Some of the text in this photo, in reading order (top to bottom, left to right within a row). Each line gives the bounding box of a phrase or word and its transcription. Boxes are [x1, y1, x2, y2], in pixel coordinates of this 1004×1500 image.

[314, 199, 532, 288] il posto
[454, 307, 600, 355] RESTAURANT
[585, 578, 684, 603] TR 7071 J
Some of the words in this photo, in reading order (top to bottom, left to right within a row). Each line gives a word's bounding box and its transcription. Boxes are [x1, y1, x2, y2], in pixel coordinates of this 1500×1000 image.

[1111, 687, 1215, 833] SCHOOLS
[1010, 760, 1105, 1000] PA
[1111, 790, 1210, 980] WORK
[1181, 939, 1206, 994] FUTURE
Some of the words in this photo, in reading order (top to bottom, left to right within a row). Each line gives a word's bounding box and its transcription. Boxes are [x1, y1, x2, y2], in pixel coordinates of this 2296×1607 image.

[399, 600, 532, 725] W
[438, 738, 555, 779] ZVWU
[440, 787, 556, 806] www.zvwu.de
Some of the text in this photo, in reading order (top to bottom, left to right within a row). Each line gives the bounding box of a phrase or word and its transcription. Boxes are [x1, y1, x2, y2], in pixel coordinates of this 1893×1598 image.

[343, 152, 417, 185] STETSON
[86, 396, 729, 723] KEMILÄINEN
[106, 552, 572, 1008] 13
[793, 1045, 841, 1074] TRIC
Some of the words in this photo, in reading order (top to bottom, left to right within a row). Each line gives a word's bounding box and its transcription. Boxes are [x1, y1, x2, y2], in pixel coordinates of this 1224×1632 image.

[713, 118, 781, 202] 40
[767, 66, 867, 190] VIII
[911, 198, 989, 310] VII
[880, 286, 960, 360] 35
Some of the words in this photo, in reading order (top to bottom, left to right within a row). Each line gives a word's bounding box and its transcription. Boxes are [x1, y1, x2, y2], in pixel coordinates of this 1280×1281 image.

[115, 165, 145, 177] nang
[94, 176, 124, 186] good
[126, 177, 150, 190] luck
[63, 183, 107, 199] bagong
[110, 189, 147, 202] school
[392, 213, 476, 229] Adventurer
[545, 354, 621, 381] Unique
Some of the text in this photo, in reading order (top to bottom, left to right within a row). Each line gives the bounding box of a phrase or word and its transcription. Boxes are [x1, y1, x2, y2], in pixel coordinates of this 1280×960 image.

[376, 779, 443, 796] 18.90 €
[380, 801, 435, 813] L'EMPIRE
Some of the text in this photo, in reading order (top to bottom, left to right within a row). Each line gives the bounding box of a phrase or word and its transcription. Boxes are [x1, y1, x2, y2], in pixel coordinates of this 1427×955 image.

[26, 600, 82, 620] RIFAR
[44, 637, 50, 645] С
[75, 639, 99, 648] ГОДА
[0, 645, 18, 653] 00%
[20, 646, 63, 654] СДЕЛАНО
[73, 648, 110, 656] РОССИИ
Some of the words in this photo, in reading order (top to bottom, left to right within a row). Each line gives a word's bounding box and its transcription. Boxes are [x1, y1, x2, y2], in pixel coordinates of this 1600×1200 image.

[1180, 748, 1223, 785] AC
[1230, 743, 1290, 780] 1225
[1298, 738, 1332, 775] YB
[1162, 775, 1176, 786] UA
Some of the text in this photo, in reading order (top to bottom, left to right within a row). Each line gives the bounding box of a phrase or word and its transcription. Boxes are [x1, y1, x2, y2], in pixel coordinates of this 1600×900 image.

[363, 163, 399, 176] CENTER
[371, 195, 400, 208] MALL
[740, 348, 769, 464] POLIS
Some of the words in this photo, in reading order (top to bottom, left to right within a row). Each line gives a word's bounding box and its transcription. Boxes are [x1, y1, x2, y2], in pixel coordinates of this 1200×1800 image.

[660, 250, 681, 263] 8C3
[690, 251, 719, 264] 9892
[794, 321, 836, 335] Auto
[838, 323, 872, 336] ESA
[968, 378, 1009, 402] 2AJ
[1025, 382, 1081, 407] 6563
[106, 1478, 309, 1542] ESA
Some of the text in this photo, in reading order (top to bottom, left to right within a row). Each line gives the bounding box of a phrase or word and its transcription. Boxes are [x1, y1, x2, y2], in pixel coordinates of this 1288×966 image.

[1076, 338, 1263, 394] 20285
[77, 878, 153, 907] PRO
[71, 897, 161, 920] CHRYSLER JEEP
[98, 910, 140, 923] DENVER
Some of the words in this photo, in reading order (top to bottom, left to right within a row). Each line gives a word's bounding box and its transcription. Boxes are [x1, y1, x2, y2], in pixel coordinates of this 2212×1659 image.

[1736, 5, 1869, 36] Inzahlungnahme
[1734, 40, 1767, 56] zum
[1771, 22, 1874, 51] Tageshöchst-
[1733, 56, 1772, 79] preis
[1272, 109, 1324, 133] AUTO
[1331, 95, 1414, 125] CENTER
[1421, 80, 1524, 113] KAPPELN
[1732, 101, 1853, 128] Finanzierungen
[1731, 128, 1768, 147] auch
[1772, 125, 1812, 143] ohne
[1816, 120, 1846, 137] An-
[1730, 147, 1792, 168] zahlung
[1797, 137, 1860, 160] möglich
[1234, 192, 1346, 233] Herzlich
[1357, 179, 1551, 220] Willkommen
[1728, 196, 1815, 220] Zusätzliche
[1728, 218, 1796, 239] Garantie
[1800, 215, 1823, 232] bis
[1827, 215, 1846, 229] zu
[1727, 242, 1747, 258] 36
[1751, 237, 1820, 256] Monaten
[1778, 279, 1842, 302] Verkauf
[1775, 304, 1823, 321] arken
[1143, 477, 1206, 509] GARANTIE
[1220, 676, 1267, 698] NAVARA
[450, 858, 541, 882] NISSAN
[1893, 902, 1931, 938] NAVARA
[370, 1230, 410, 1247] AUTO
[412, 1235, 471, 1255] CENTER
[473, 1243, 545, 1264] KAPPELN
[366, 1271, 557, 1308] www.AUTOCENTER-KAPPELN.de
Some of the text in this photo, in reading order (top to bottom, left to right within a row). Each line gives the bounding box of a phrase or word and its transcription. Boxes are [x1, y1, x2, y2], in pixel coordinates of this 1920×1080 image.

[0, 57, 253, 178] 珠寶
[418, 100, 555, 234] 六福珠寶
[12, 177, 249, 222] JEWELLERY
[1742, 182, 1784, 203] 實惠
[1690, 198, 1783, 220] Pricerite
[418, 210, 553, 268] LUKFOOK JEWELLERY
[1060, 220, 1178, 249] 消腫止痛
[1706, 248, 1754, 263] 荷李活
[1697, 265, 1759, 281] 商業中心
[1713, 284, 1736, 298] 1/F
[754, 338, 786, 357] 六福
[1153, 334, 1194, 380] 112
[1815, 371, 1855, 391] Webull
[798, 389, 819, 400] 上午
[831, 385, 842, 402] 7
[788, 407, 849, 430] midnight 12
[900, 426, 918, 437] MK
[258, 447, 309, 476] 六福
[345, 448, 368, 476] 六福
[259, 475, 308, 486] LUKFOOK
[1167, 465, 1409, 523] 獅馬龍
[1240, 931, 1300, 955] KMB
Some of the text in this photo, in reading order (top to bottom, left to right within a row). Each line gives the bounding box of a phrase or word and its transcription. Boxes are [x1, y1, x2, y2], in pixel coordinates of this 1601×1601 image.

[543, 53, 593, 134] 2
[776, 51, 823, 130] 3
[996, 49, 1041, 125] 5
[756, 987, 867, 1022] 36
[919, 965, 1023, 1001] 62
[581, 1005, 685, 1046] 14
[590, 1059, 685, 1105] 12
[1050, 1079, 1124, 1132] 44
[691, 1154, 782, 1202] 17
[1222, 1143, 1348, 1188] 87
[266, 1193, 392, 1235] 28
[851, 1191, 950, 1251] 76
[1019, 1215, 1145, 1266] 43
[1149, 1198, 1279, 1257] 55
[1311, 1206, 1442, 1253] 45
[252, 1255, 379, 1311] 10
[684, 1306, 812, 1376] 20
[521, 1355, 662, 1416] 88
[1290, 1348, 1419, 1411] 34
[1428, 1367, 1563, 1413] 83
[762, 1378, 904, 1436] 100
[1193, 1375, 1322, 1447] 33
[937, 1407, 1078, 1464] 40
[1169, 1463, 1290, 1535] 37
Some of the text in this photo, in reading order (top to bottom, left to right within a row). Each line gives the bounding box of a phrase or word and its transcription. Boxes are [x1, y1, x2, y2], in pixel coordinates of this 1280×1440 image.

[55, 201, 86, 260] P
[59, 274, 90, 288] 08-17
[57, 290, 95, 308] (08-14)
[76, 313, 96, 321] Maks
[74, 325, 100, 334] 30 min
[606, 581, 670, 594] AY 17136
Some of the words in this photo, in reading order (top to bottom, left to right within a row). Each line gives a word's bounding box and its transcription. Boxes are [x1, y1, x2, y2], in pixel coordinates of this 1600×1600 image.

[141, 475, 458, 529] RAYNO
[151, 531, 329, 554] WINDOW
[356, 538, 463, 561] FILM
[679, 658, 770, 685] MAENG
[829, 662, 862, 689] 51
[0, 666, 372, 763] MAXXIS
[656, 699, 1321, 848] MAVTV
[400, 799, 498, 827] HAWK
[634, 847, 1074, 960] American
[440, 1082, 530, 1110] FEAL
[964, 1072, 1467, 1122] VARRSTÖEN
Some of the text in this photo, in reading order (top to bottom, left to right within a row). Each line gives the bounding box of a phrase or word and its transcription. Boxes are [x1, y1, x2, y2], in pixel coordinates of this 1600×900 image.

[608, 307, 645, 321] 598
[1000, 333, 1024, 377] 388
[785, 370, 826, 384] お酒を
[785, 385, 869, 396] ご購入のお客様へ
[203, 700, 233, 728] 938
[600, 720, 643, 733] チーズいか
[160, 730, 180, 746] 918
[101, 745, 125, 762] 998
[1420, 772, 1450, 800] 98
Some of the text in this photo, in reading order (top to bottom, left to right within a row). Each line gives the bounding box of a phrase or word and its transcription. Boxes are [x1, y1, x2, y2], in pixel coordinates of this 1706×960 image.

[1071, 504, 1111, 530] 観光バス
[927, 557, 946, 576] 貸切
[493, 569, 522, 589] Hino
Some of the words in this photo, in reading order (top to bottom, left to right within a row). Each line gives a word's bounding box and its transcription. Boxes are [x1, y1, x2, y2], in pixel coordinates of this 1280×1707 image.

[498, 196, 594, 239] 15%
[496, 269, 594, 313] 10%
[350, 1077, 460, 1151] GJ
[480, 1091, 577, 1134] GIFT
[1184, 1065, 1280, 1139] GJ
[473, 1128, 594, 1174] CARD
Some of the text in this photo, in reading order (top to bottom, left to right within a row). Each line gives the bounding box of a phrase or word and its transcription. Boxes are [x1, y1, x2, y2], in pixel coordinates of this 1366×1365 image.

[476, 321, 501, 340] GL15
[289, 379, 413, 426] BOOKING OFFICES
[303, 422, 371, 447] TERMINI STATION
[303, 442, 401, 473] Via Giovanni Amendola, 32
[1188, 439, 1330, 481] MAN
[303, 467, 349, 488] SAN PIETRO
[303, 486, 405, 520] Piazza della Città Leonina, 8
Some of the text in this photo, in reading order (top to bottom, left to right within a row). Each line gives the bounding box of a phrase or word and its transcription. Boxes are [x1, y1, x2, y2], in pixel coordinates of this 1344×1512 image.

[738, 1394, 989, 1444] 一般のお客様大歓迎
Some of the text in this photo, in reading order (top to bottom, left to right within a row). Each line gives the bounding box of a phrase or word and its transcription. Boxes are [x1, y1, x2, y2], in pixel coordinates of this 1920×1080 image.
★ ★ ★ ★ ★
[Your task] Can you quote exactly the lines from the one containing "this 1344×1512 image." through the last line of the records above, and nothing else?

[Exercise answer]
Some of the text in this photo, in reading order (top to bottom, left to right within a row). Each line gives the bounding box of a phrase or word and its transcription. Boxes are [x1, y1, x2, y2], in pixel coordinates of this 1344×1512 image.

[738, 1394, 989, 1444] 一般のお客様大歓迎
Some of the text in this photo, in reading order (top to bottom, left to right within a row). Each line gives the bounding box of a phrase or word and its transcription. Boxes are [x1, y1, x2, y2], in pixel coordinates of this 1920×1080 image.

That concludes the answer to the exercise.